Step 4: Read and complete the decision guide to learn more about your symptoms.

Recurring Abdominal Pain

Answering our questions, you have either reported that your pain is worse after eating or you have reported diarrhea. This means your lower abdominal pain is associated with a symptom that can arise from disordered digestion. Several common conditions are likely to be considered in your evaluation:

Irritable bowel syndrome

Some of your symptoms are suggestive for irritable bowel syndrome, but you do not have all of the characteristic symptoms of this condition.

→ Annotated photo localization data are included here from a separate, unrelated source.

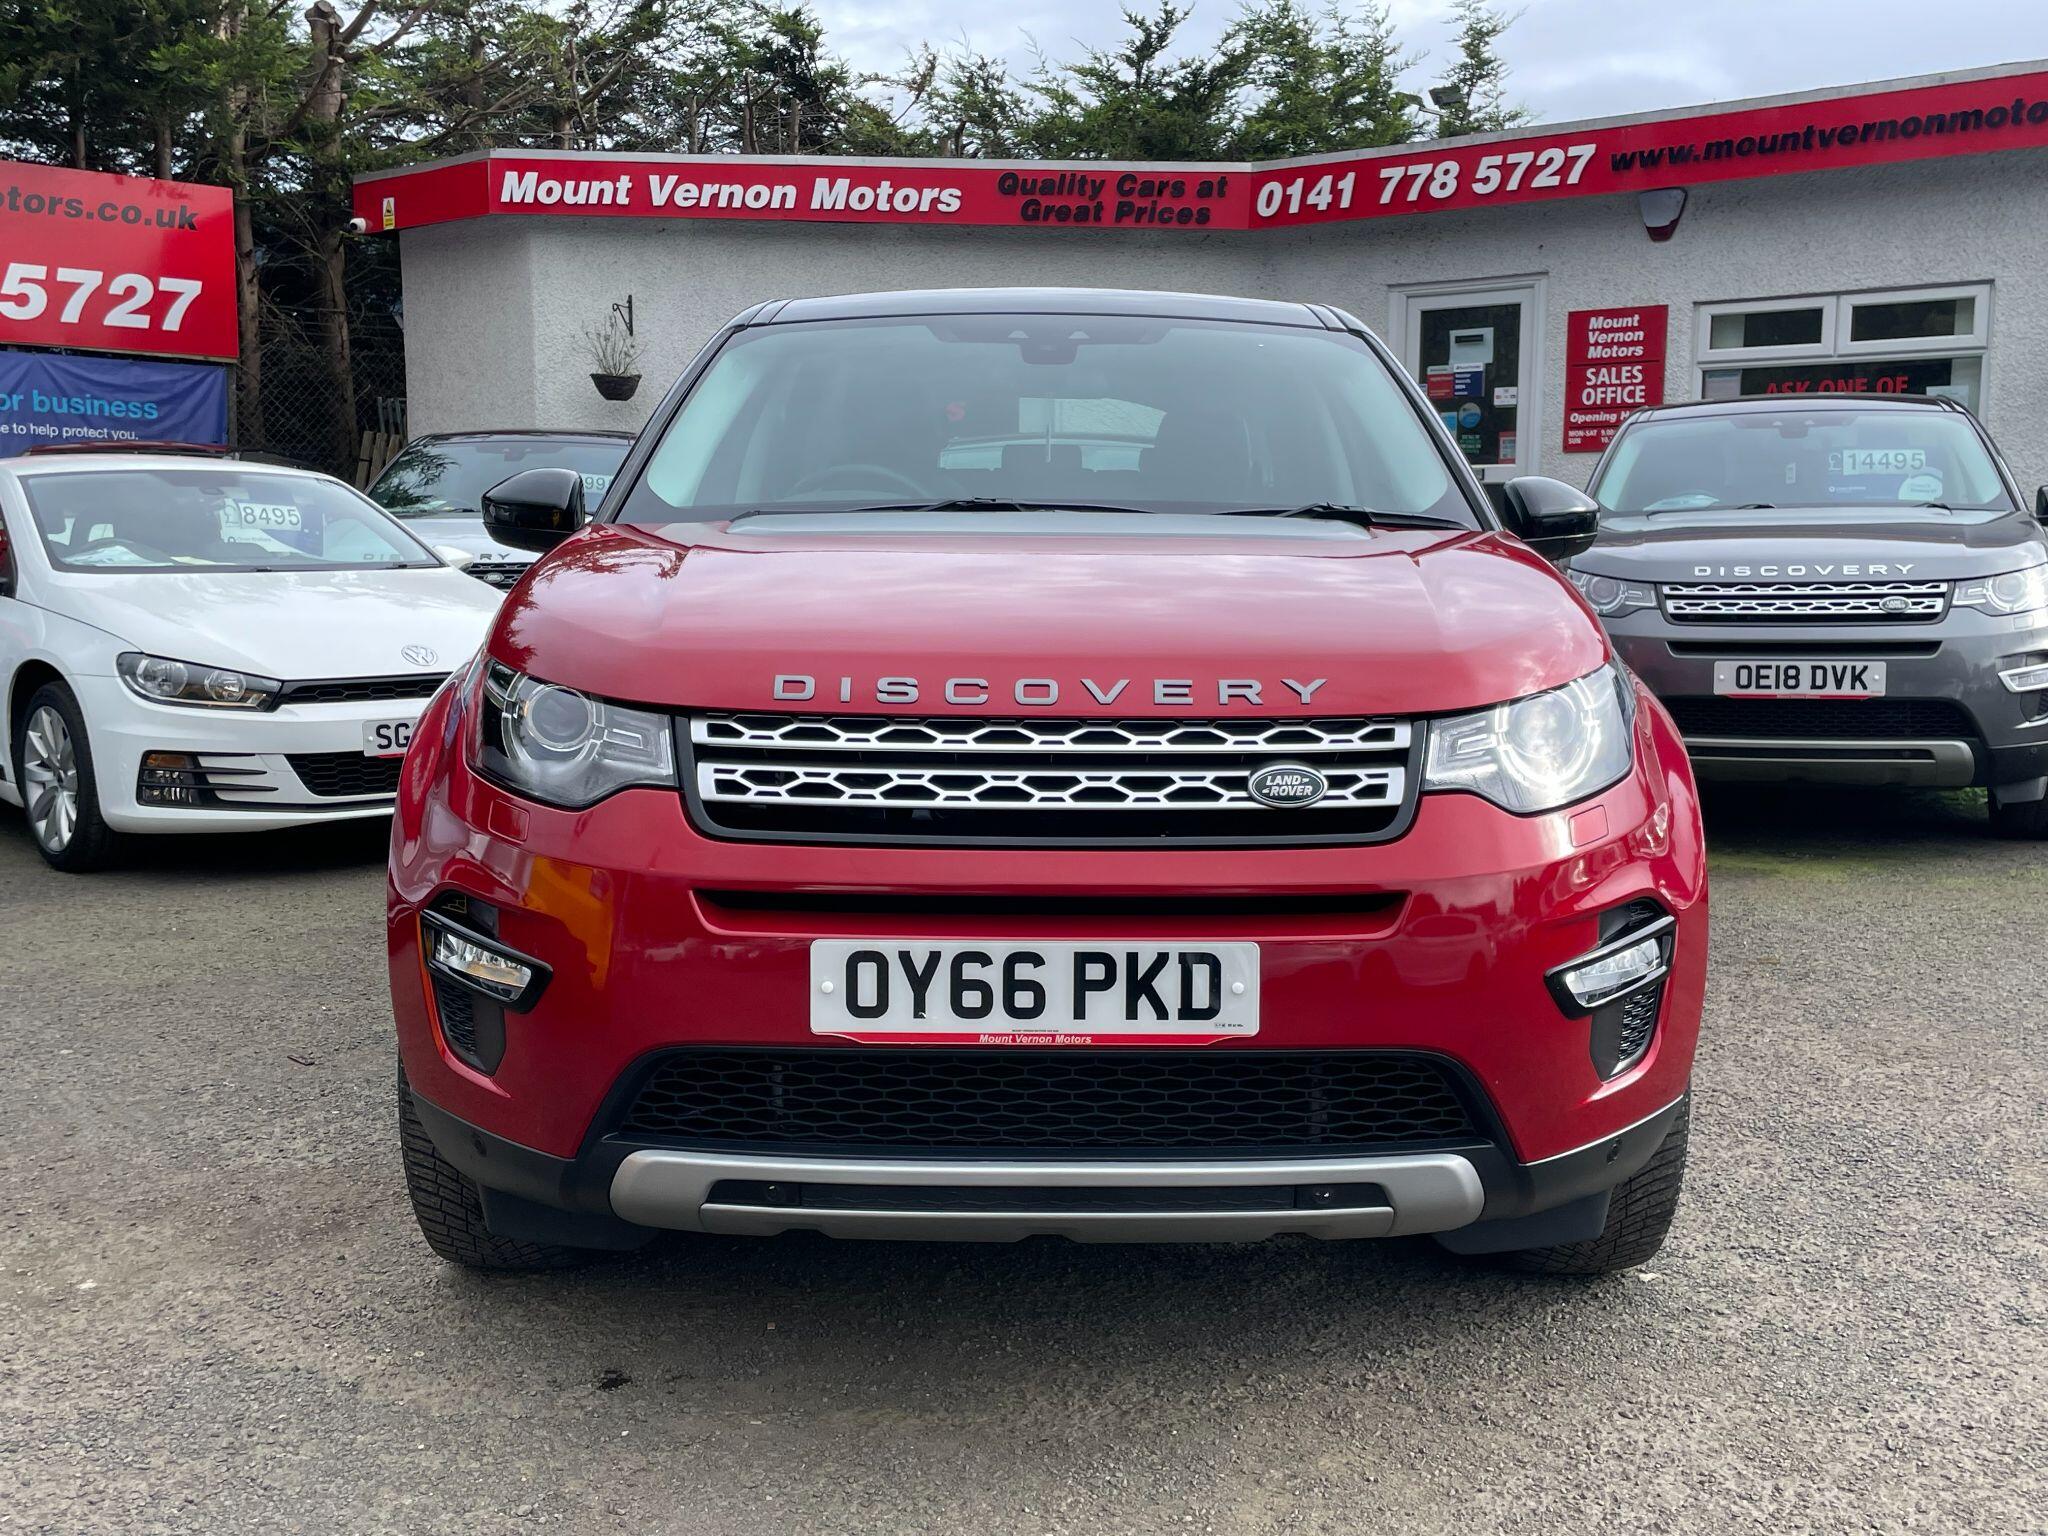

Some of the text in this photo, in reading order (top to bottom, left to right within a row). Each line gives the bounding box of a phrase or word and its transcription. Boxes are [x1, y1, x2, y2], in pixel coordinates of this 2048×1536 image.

[501, 170, 962, 213] Mount Vernon Motors
[998, 171, 1229, 200] Quality Cars at
[1256, 144, 1597, 218] 0141 778 5727
[0, 185, 200, 231] tors.co.uk
[1020, 198, 1211, 225] Great Prices
[0, 262, 203, 332] 5727
[1588, 313, 1640, 330] Mount
[1588, 329, 1645, 344] Vernon
[1587, 344, 1645, 360] Motors
[1585, 365, 1644, 386] SALES
[1818, 377, 1868, 394] ONE
[1876, 375, 1909, 394] OF
[32, 389, 159, 419] business
[1581, 385, 1646, 406] OFFICE
[1570, 411, 1617, 424] Opening
[12, 423, 27, 434] to
[30, 423, 59, 438] help
[62, 427, 108, 439] protect
[110, 430, 140, 441] you.
[1694, 563, 1917, 578] DISCOVERY
[1735, 664, 1869, 690] OE18 DVK
[773, 673, 1329, 707] DISCOVERY
[375, 722, 411, 750] SG
[1266, 775, 1302, 786] LAND
[1269, 785, 1313, 797] ROVER
[844, 949, 1223, 1021] OY66 PKD
[980, 1034, 1092, 1044] Mount Vernon Motors

Common symptoms of irritable bowel syndrome include

  • pain in the mid-abdomen or lower abdomen

  • diarrhea, constipation, or episodes of each

  • mucus that is passed with bowel movements

  • fullness (bloating) in the abdomen

  • loose or frequent stools during pain episodes

  • relief of pain following a bowel movement

  • a feeling that you can't empty your rectum completely.

Celiac disease (celiac sprue)

This illness is caused by an abnormal immune reaction to gluten, a protein that is contained in wheat, oats, barley, and rye grains and many food additives. Blood tests that check for a certain type of antibodies can help diagnose this syndrome.

Crohn's disease

This autoimmune condition is most common in young adults.

Chronic pancreatitis

Good pancreas function is needed for you to digest your foods easily. The pancreas is most active after meals. Diarrhea from pancreatitis is frequently greasy or oily and very strong in its odor.

Abdominal adhesions

If you have had abdominal or pelvic surgery or if you have had an infection in the abdomen or pelvis, you may have formed scar tissue. Areas of fibrous scar tissue adherent to the bowel or other abdominal structures are called "adhesions." Adhesions can encircle the bowel or pull on the bowel or other structures in the abdomen, resulting in pain.

Please call your doctor today to arrange an evaluation.